A dozen Arkansas middle and high school teachers spent a day on the other side of the classroom learning how to build and program robots as part of a Science, Technology, Engineering, and Mathematics (STEM) professional development workshop at the University of Arkansas at Little Rock. 

Parallax Inc., the maker of ActivityBot 360 robot, and UA Little Rock’s STEM Education Center hosted the free one-day workshop on Aug. 2, where Arkansas educators learned how to build the ActivityBot 360 and program the robot using a simple programming language, BlocklyProp.

“Parallax has chosen UA Little Rock as one of their summer training sites,” said Sandra Leiterman, math specialist in the UA Little Rock STEM Education Center. “The goal of the workshop is for all the educators to incorporate what they learn into their computer science and robotics classes.”

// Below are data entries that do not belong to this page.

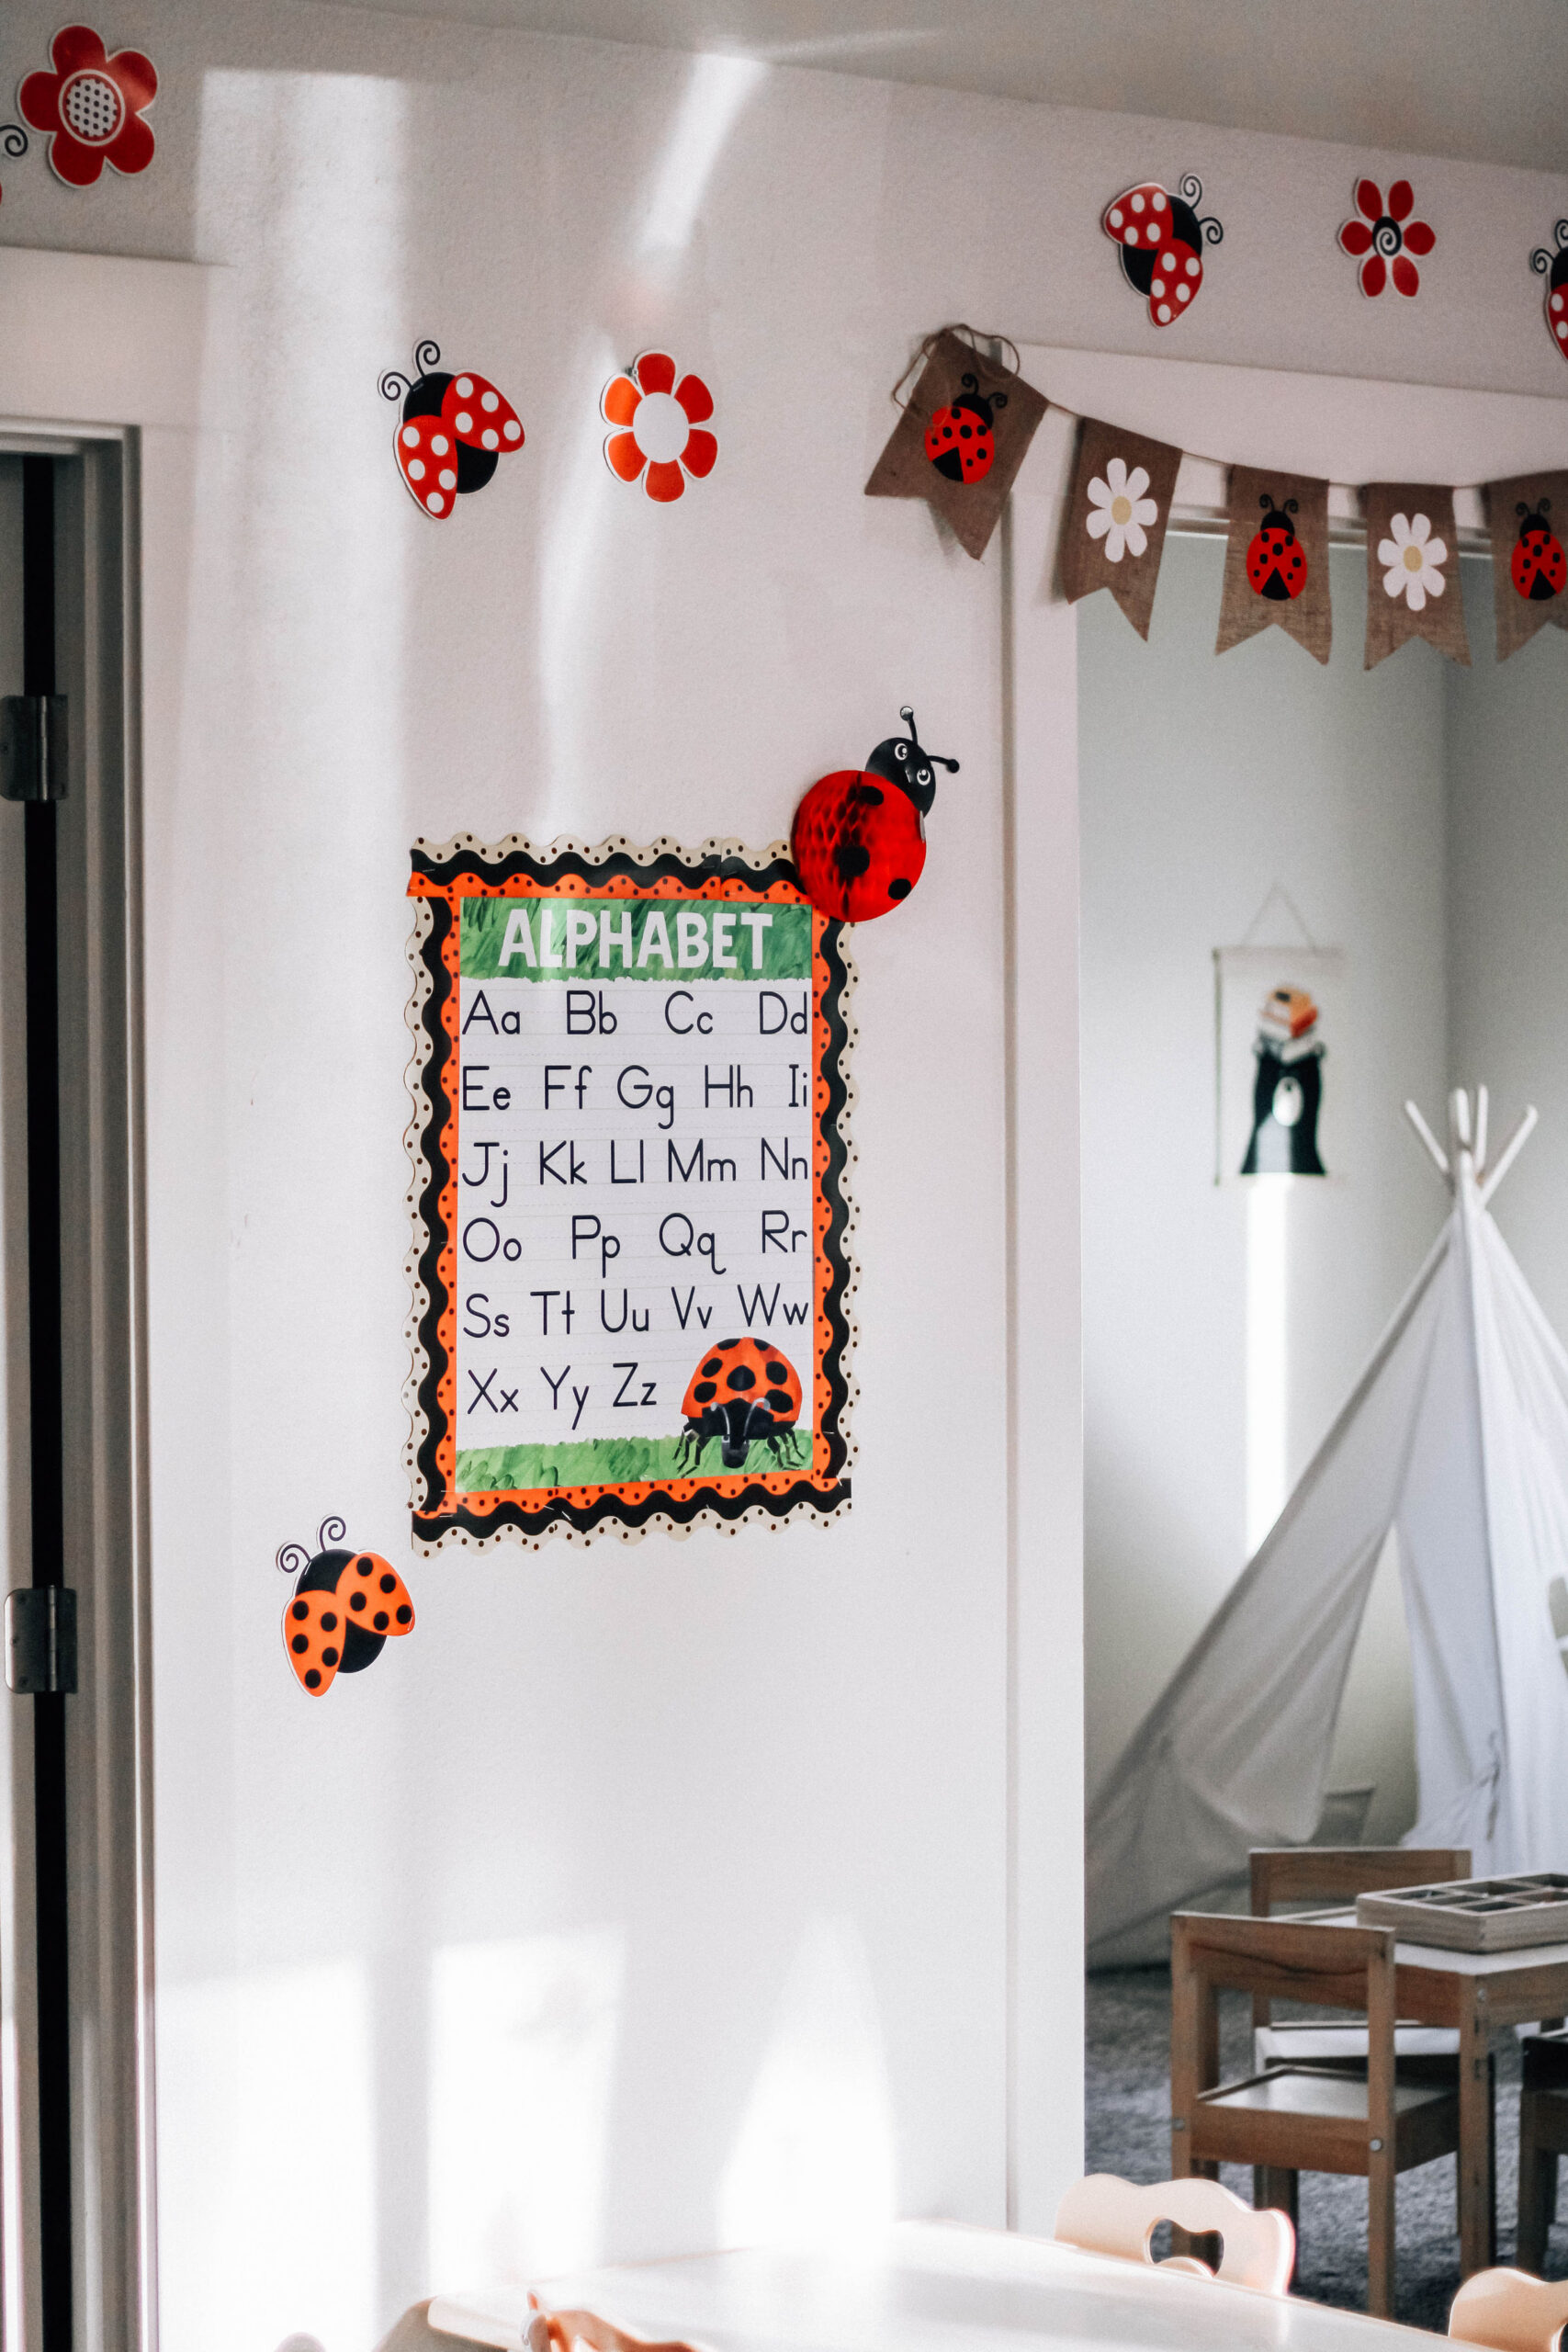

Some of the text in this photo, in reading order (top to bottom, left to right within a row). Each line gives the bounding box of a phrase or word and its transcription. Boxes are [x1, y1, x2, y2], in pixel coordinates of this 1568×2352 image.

[499, 910, 773, 970] ALPHABET
[463, 989, 808, 1035] Aa Bb Cc Dd
[462, 1063, 808, 1130] Ee Ff Gg Hh Ii
[461, 1136, 808, 1208] Jj Kk Ll Mm Nn
[462, 1209, 808, 1279] Oo Pp Qq Rr
[463, 1283, 809, 1339] Ss Tt Uu Vv Ww
[467, 1362, 658, 1430] Xx Yy Zz
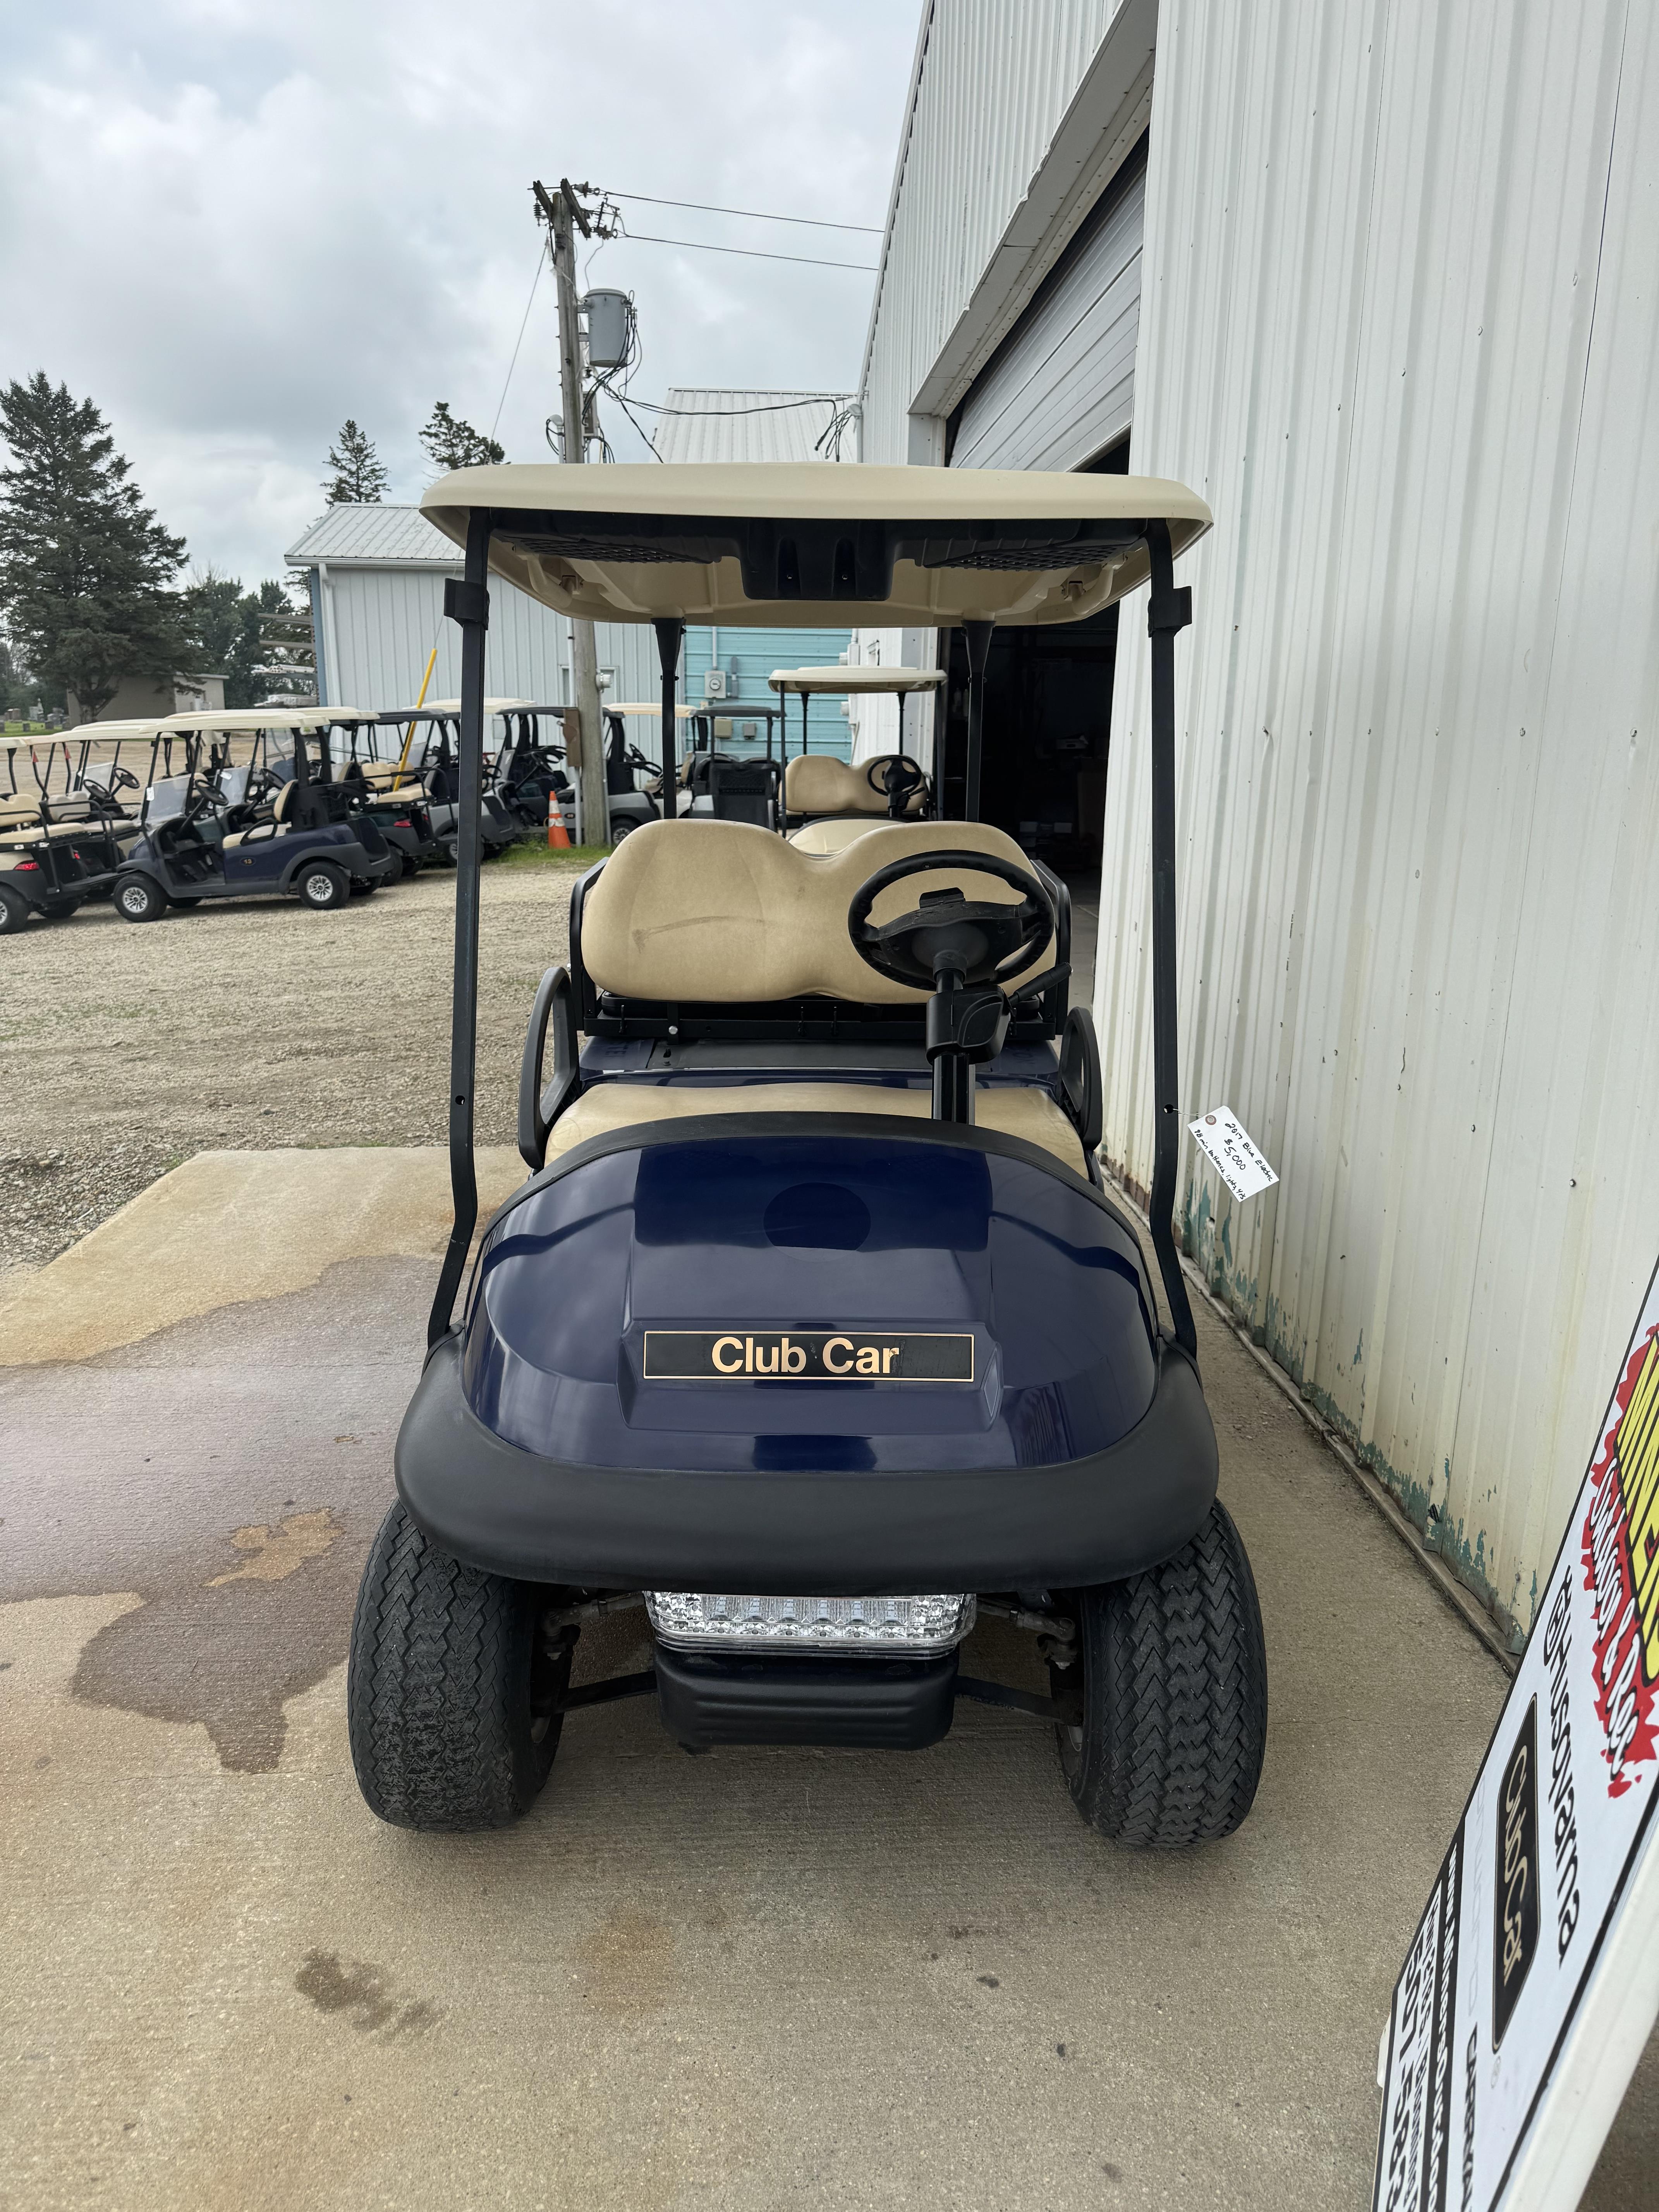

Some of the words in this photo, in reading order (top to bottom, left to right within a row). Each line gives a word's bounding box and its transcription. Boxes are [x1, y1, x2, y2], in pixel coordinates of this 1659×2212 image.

Educators gained an introduction to circuit building using real-world electronic components and learned how to use the robot and programming language in semester-long courses. At the end of the workshop, the teachers got to keep the robot to use in their classrooms.

Nicholas Murry, who teaches automation and robotics at Dunbar Middle School, is planning to get about 20 robots to use with his 60 students.

“I thought the workshop was very productive and useful for my classes,” Murry said. “The robot comes with a kit that you can follow step-by-step and is standard for everyone to build it. The kids will enjoy this. I want my students to get the experience of programming and controlling a robot, learning how to code it, and how it can benefit people in real life.” 

Miguel Rodriquez, a Parallax employee who taught the workshop, said he loves seeing educators see how it easy it can be to build a robot and come up with fun activities that can be used in the classroom. Some of the most popular student projects he’s seen include having the robots emit a hissing sound when someone is standing in the robot’s path or dance when a certain song is played. He’s seen many robots dancing in sync to the “Baby Shark” song.

“Learning to program can be a steep curve, but Blockly makes that learning curve not as steep,” Rodriguez said. “Students won’t have to worry so much about syntax. The ActivityBot 360 is really easy to program, and it can be used in real-world projects. In one commercial application, farmers used it to modify drones to pollinate their crops.”